The main issue Parker has with the Cadillac ad is that many people around the world won’t get the satirical, humorous angle – and will likely see it as an extreme symbol of stereotypical American arrogance and wealthy lifestyle perks. As you can see here, Parker doesn’t hold back on expressing his opinions on auto industry trends. Here are a few points he made on the phone last week……
- Americans traveling abroad will usually tell you this type of TV commercial is a very bad idea. Parker was in France when this commercial hit the airwaves, and it inflamed French viewers. This type of message hurts Americans traveling abroad.
- Parker, who is half Brazilian and half American, was in Brazil last summer when a street riot in his US hometown of Huntington Beach, Calif., got a lot of media attention (which I can attest to, being stuck on Pacific Coast Highway while attempting to drive through Huntington Beach during this unexpected debacle). Brazilians were informed about it while it was going on – which is ironic given that it was a modest riot without casualties. But the internet gave them instantaneous information – and what happens in the US is taken very seriously in Brazil and around the world.
- The Cadillac commercial conveys “American arrogance and sets us back generations,” Parker said. The days of 1950’s US Secretary of State John Foster Dulles explaining US foreign policy are long gone, he said.
- I would also add, having been raised by a World War II vet with plenty of lively tales that I heard while growing up, that the days of post-WWII gratitude to the US are long gone. US traditions for individual rights, personal freedom and expression, holding elections, having open markets for developing industries, technology breakthroughs, and enjoying multi-media entertainment, will continue to influence what people around the world perceive and value; but toying with images and messages of what others resent, and sometimes hate, about the US, is not a good way to sell cars or improve international relations.
- You can certainly make the case that the US government is dominated by an autocracy of interest groups who’ve stuffed pockets with lots of campaign contributions; and that the US has serious social issues to deal with – such as the brutal impact crystal methamphetamine is having in a lot of communities. You can also talk to people who’ve lived in or visited other countries around the world that are quite unstable and struggling – they’ll explain why they live in the US and probably won’t be leaving. Those are better images to convey in a TV commercial, as you can typically see watching TV lately. If you were watching the Winter Olympics, you probably saw Chevrolet’s new campaign called “The New Us.” It shows a diverse range of families under the theme, “What it means to be a family hasn’t changed; what a family looks like, has. This is the new us.”

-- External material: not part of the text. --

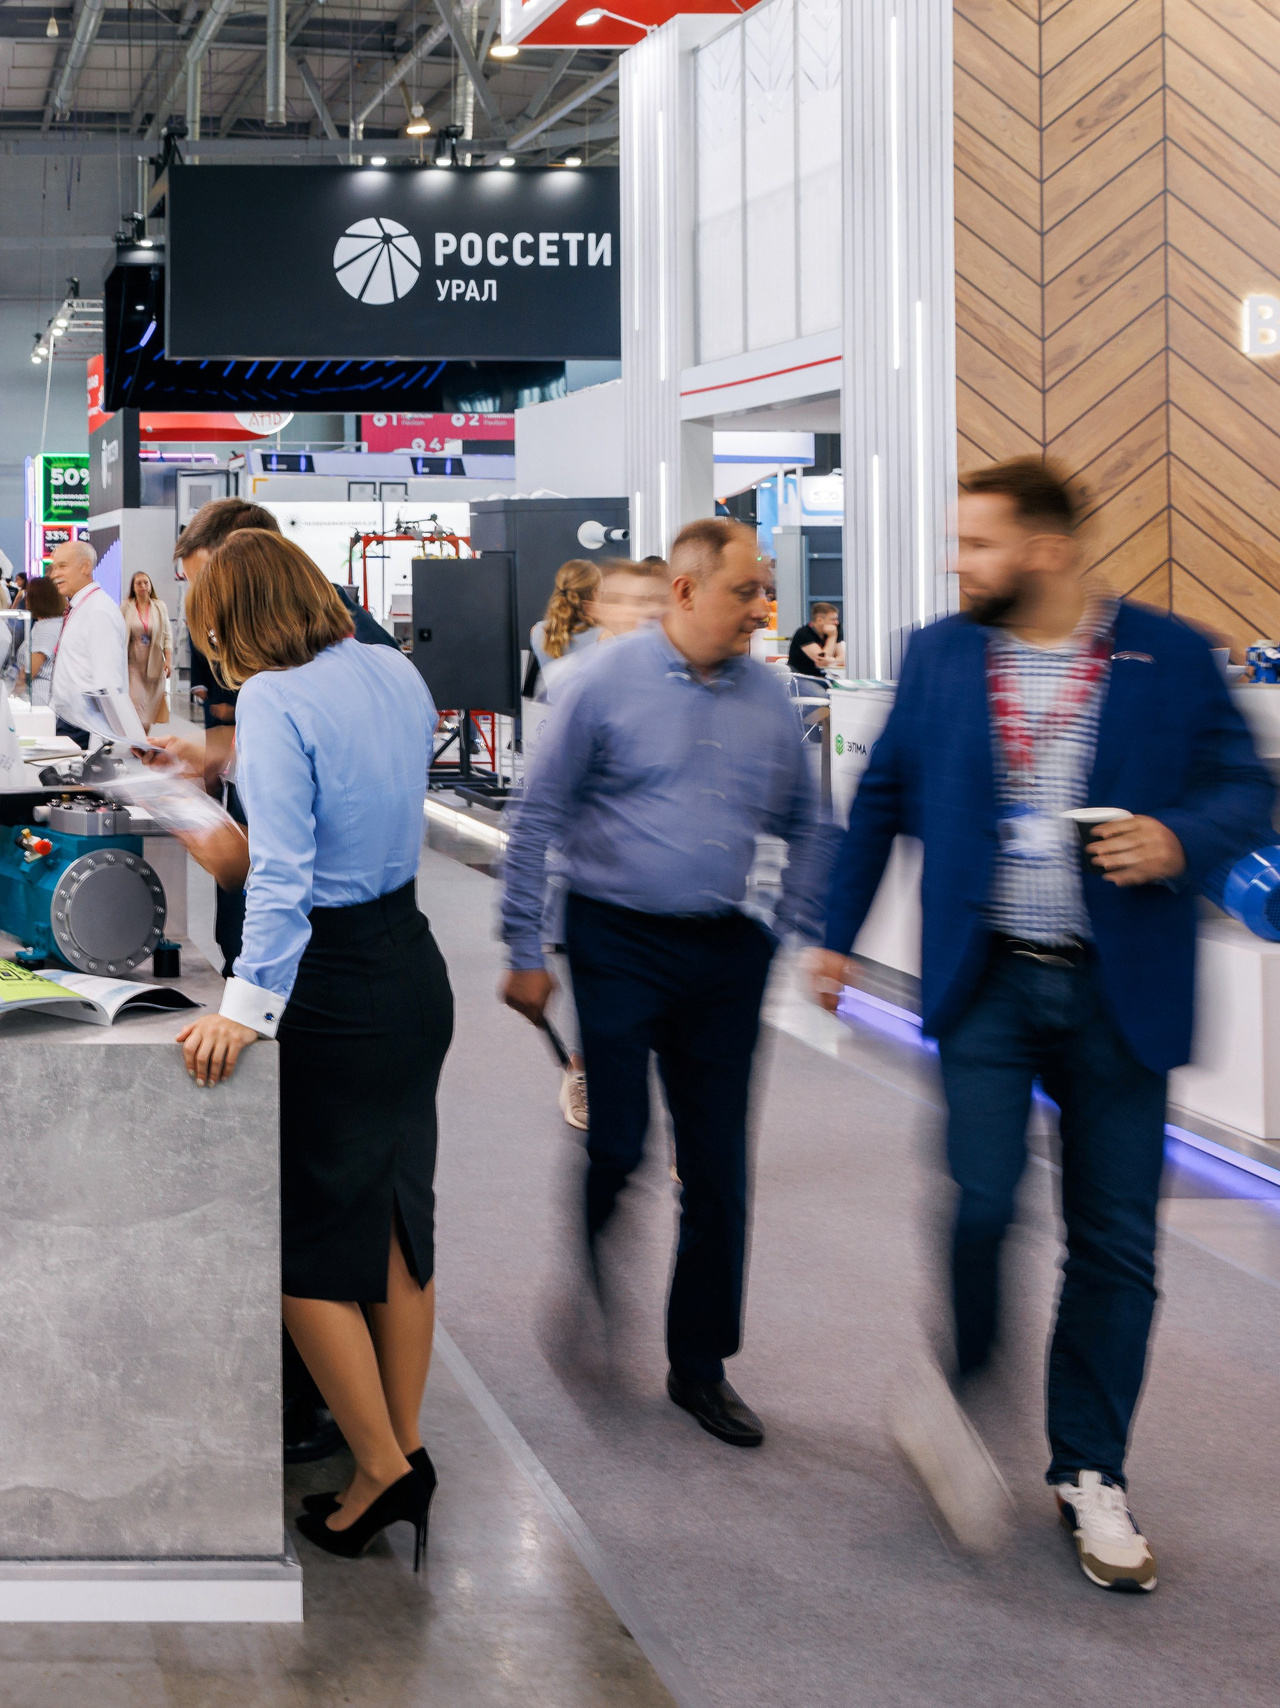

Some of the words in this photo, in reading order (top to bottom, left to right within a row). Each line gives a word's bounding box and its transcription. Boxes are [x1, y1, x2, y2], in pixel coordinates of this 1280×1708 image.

[435, 232, 612, 267] РОССЕТИ
[435, 279, 497, 302] УРАЛ
[429, 438, 441, 450] 4
[45, 530, 69, 541] 33%

- Sell the car: The best performing and most memorable car commercials show off the car – it might be driving up a hillside at peak performance, or featuring a young couple or family traveling together and feeling good. General Motors’ Cadillac division has done a great job for about 20 years now in selling the product in its ad campaigns; the ELR has what people are impressed about with GM’s Voltec drivetrain, and with what Cadillac designers have placed into platforms and dashboard panels. The Cadillac ELR “Poolside” commercial only shows the car being charged and its dashboard control panel for a few seconds. The commercial’s agenda looks like something else besides marketing the product.